Last September, the governor of Jakarta cited a verse of the Koran before an audience of fishermen - despite its warning not to take Jews and Christians as Allies, he joked that it was perfectly all right for Muslim voters to choose a Christian come Election Day.
Hardline Islamists demanded charges against Basuki Tja-haja Purnama and staged three huge rallies in Jakarta late last year. Under pressure, police agreed to the proceedings, but postponed the trial until after tomorrow’s election.
Basuki, universally known by his nickname Ahok, is a double minority; not just Christian but ethnic Chinese.

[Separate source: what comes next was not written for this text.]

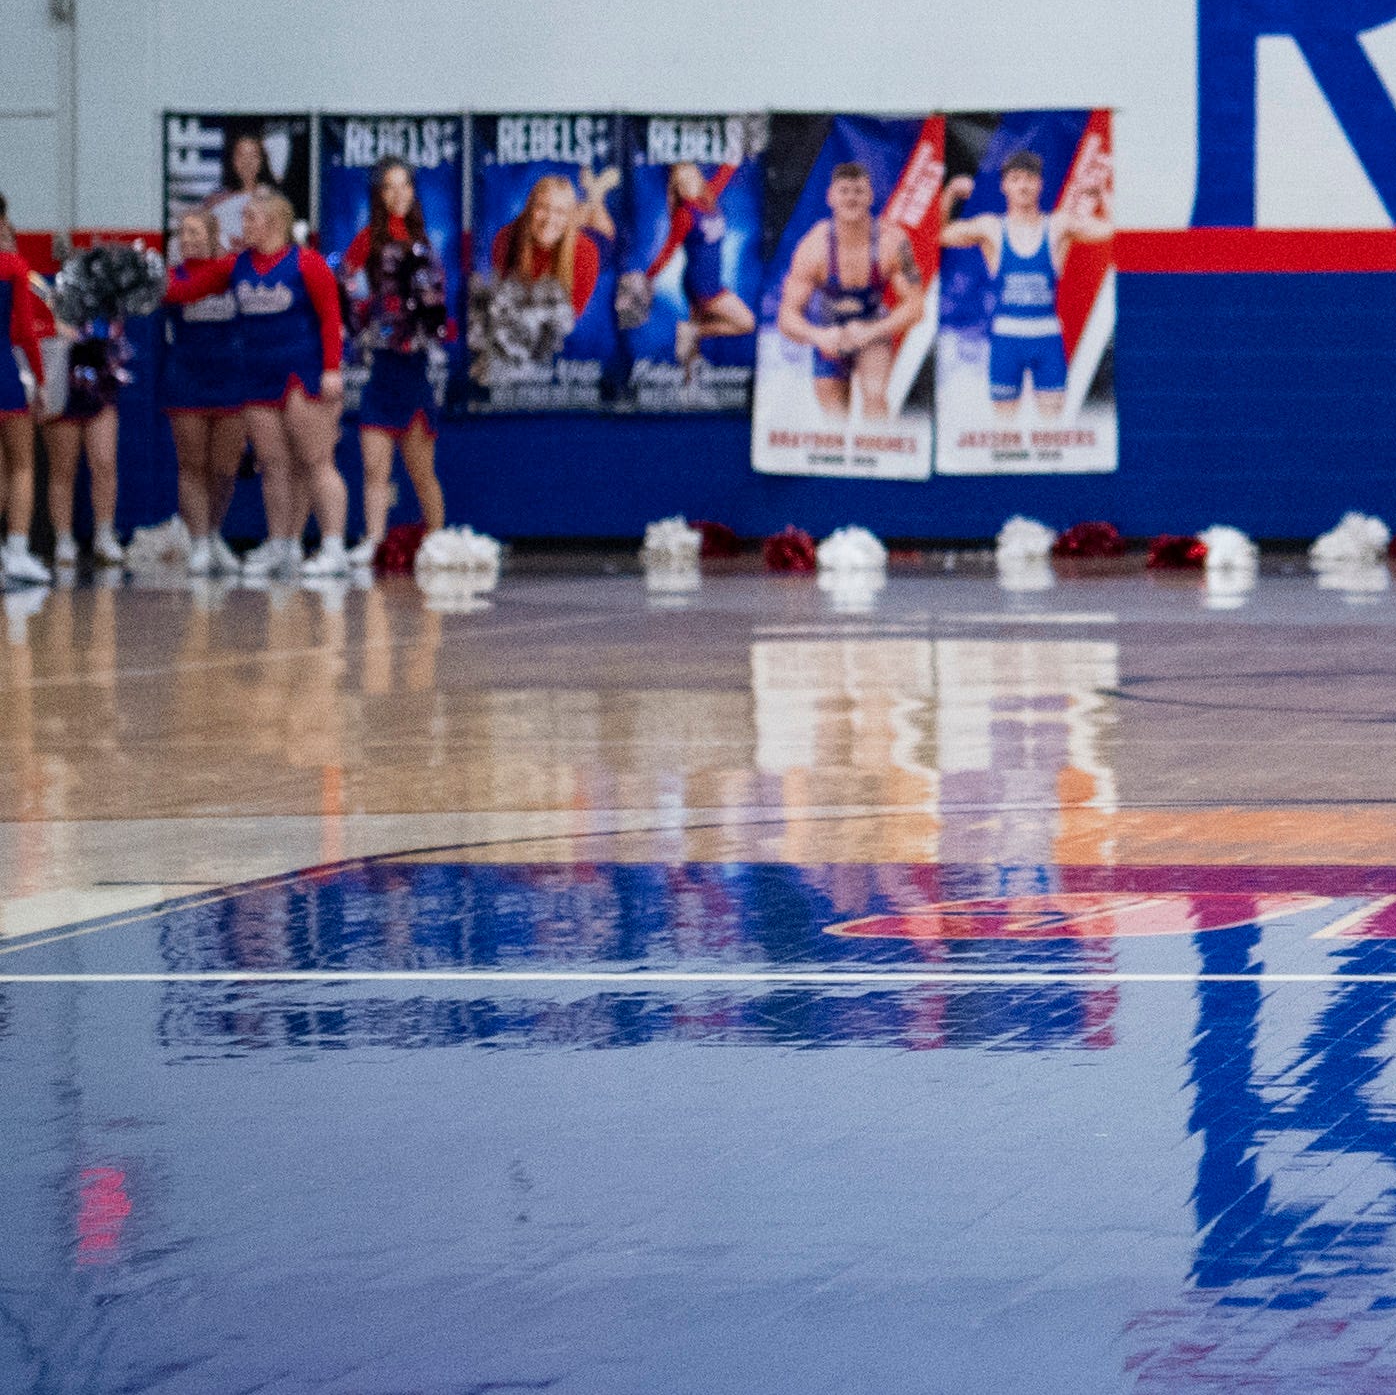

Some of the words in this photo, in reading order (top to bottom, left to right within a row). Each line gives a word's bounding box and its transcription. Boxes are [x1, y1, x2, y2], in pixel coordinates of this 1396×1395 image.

[344, 117, 441, 170] REBELS
[496, 115, 594, 164] REBELS
[648, 116, 743, 166] REBELS

He inherited the Governor’s post when his ally, Joko Widodo, used it as a springboard for his presidential election. Before the blasphemy charge, Ahok was known for his direct, sometimes gruff all-business manner and an aggressive anti-corruption campaign. His approval rate rose as high as 70 percent. In February, he finished first in a field of three candidates with 43 percent of the vote. But because he did not win an outright majority, he faces a runoff tomorrow against a little known former education minister, Anies Baswedan.
The two candidates have debated low income housing, chronic flooding and public transportation, but analysts say there’s no doubt that the real issues are ethnicity and religion. And that Indonesia faces a test of its reputation for tolerance. Opinion polls say it’s neck and neck.